In some example implementations, the flag above is conditionally signaled. The condition, for example, may depends on any coded information that is known to both encoder and decoder. In some example implementations, the flag above may be inherited from a value of a same flag from a previous segment.



FIG. 11 illustrates an example logic and data flow 1100 according the implementations above. The logic and data flow is performed for encoding an audio segment. The logic flow 1100 starts at S1101. In S1110, a set of feature vectors are generated by processing the audio segment using a pretrained neural-network audio encoder. In S1120, the set of feature vectors are quantized using at least one codebook to generate, for the set of feature vectors, a set of codebook indexes to feature vector entries in the at least one codebook as part of an encoded bitstream for the audio segment. The at least one codebook is adaptively selected and the adaptive selection is indicated in the encoded bitstream by explicit signaling or implicitly. The logic flow 1100 stops at S1199.
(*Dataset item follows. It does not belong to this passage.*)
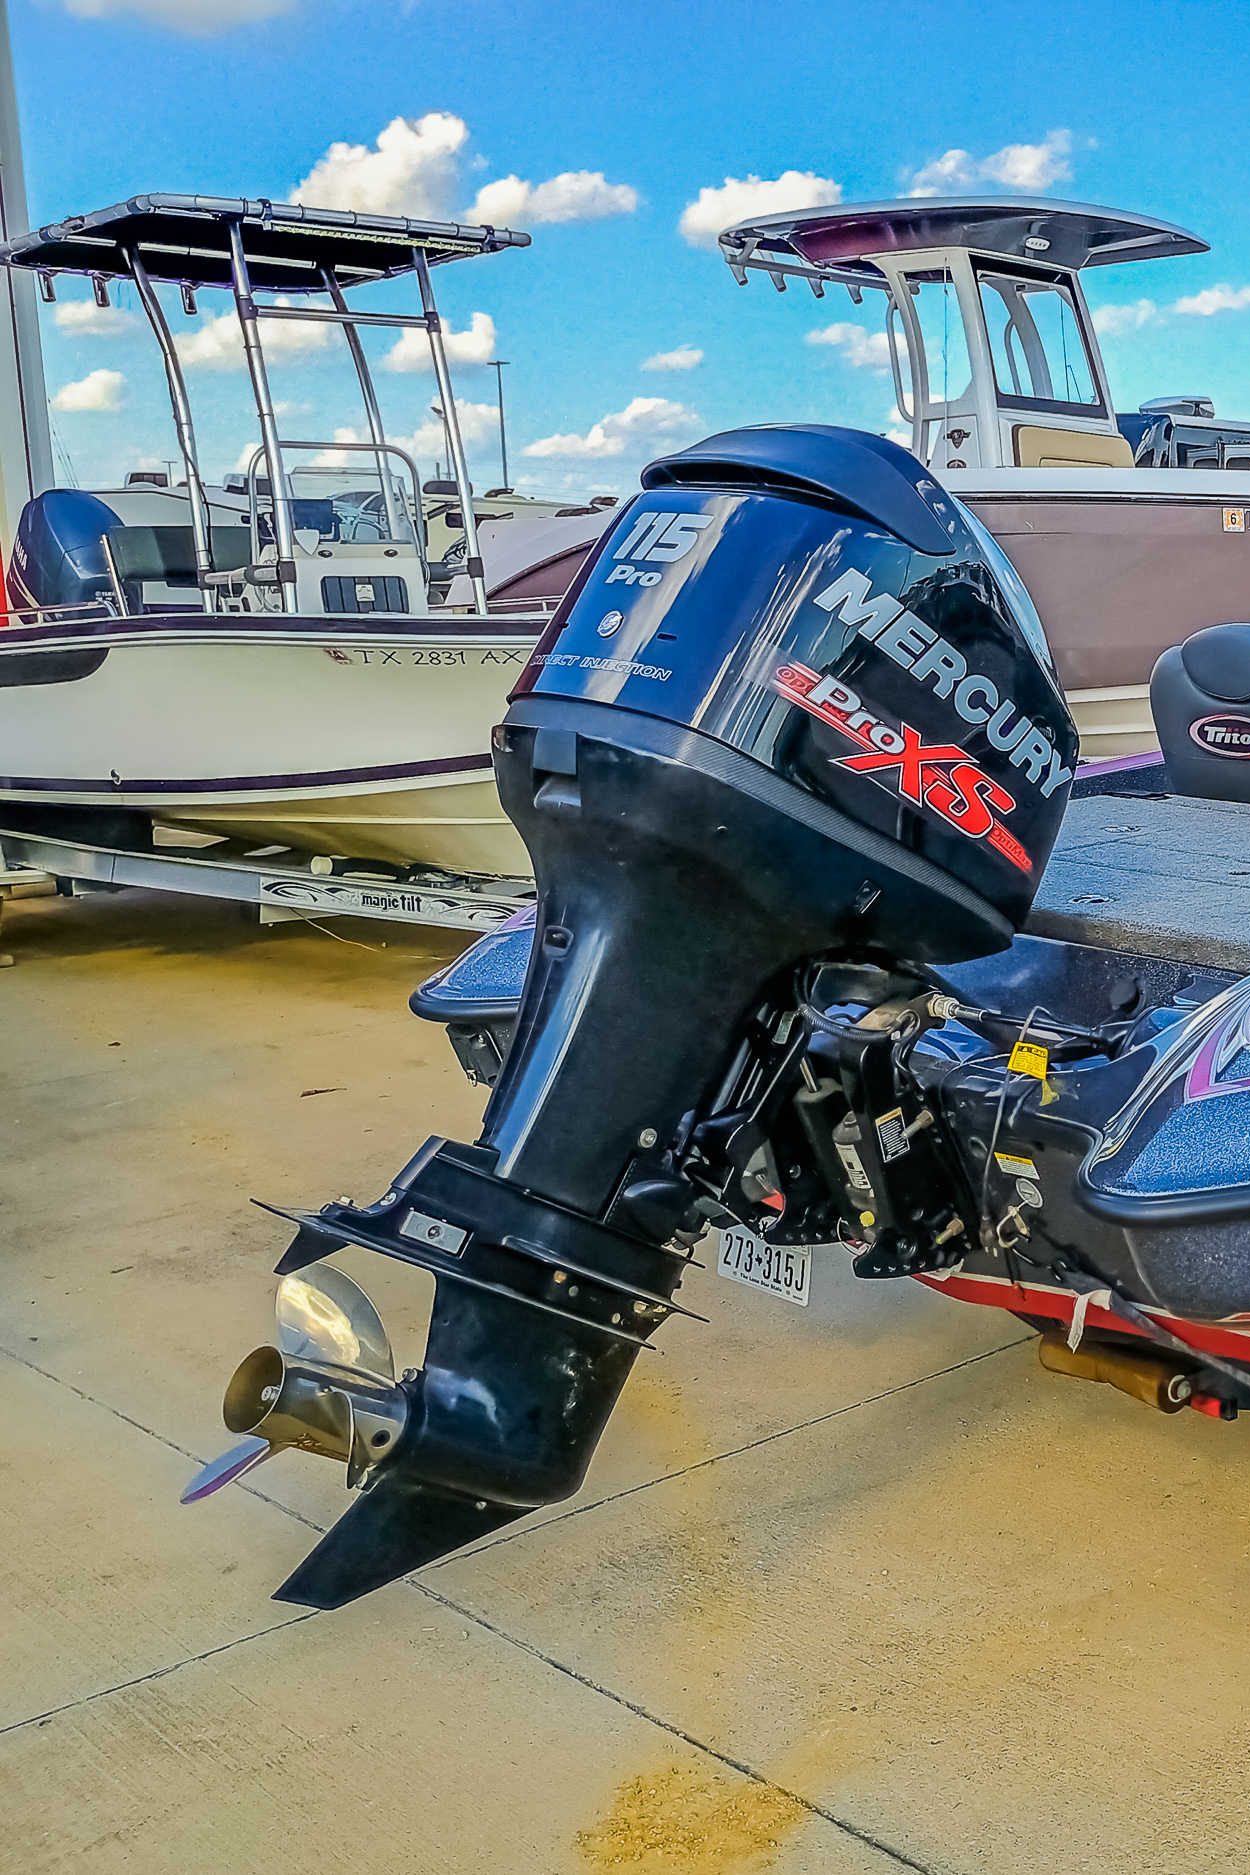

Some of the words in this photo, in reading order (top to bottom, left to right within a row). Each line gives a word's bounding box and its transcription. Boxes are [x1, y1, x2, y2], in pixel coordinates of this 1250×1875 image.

FIG. 12 illustrates another example logic and data flow 1200 according the implementations above. The logic and data flow is performed for decoding an audio segment. The logic flow 1200 starts at S1201. In S1210, an encoded bitstream of an audio segment is received. In S1220, at least one codebook is determined. In S1230, a set of codebook indexes to entries in the at least one codebook are decoded from the encoded bitstream. In S1240, a set of feature vectors of the audio segment are generated according to the at least one codebook and the set of codebook indexes. In S1250, the set of feature vectors are processed to generate a decoded audio segment using a neural-network audio decoder. The at least one codebook is adaptively selected based on explicit signaling or implicit derivation from the encoded bitstream The logic flow 1200 stops at S1299.


The techniques described above, can be implemented as computer software using computer-readable instructions and physically stored in one or more computer-readable media. For example, FIG. 13 shows a computer system (1300) suitable for implementing certain embodiments of the disclosed subject matter.
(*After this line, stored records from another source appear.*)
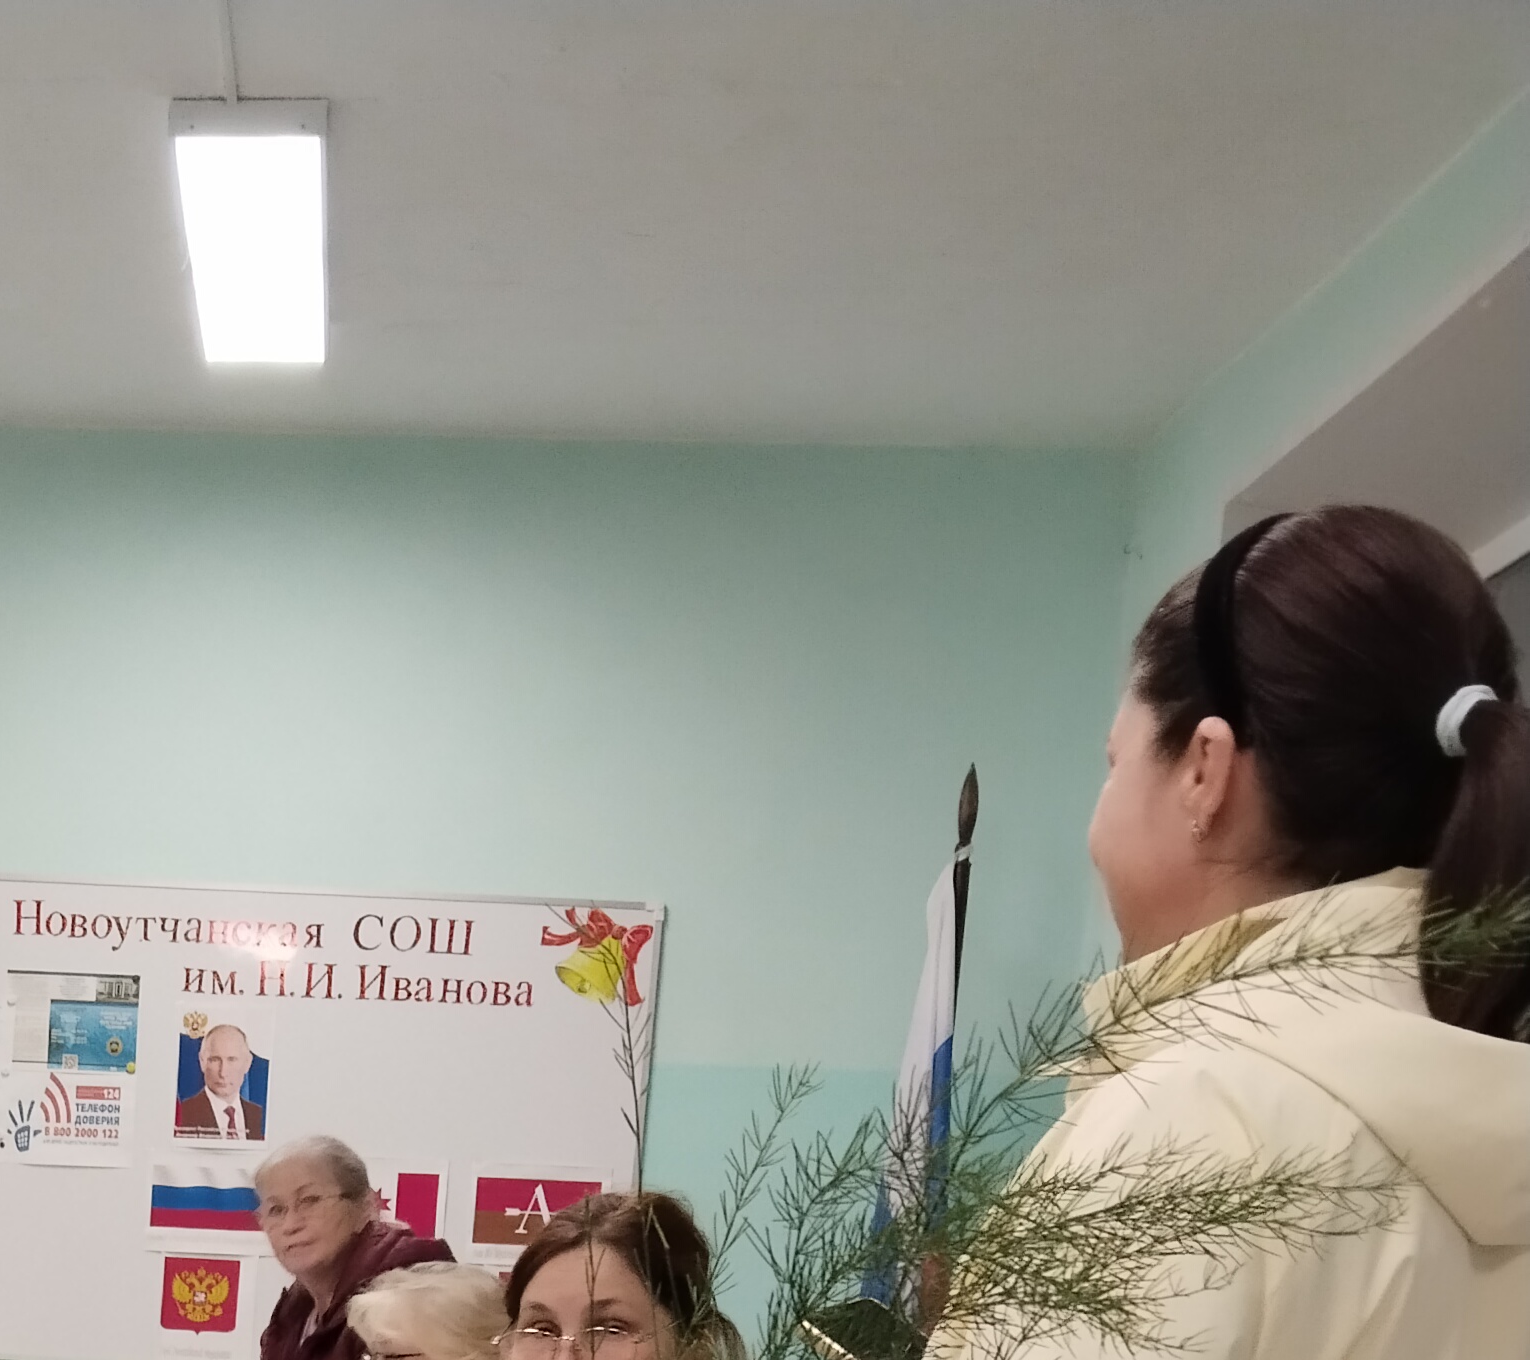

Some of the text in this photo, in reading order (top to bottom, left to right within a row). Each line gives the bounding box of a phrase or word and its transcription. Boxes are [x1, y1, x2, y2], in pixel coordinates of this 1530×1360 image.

[13, 899, 325, 951] Новоутчанская
[352, 914, 476, 955] СОШ
[181, 966, 245, 996] им.
[355, 964, 534, 1008] Иванова
[103, 1088, 120, 1099] 124
[75, 1103, 121, 1113] ТЕЛЕФОН
[74, 1115, 120, 1126] ДОВЕРИЯ
[53, 1127, 72, 1137] 800
[74, 1128, 99, 1138] 2000
[102, 1129, 119, 1139] 122
The computer software can be coded using any suitable machine code or computer language, that may be subject to assembly, compilation, linking, or like mechanisms to create code comprising instructions that can be executed directly, or through interpretation, micro-code execution, and the like, by one or more computer central processing units (CPUs), Graphics Processing Units (GPUs), and the like.


The instructions can be executed on various types of computers or components thereof, including, for example, personal computers, tablet computers, servers, smartphones, gaming devices, internet of things devices, and the like.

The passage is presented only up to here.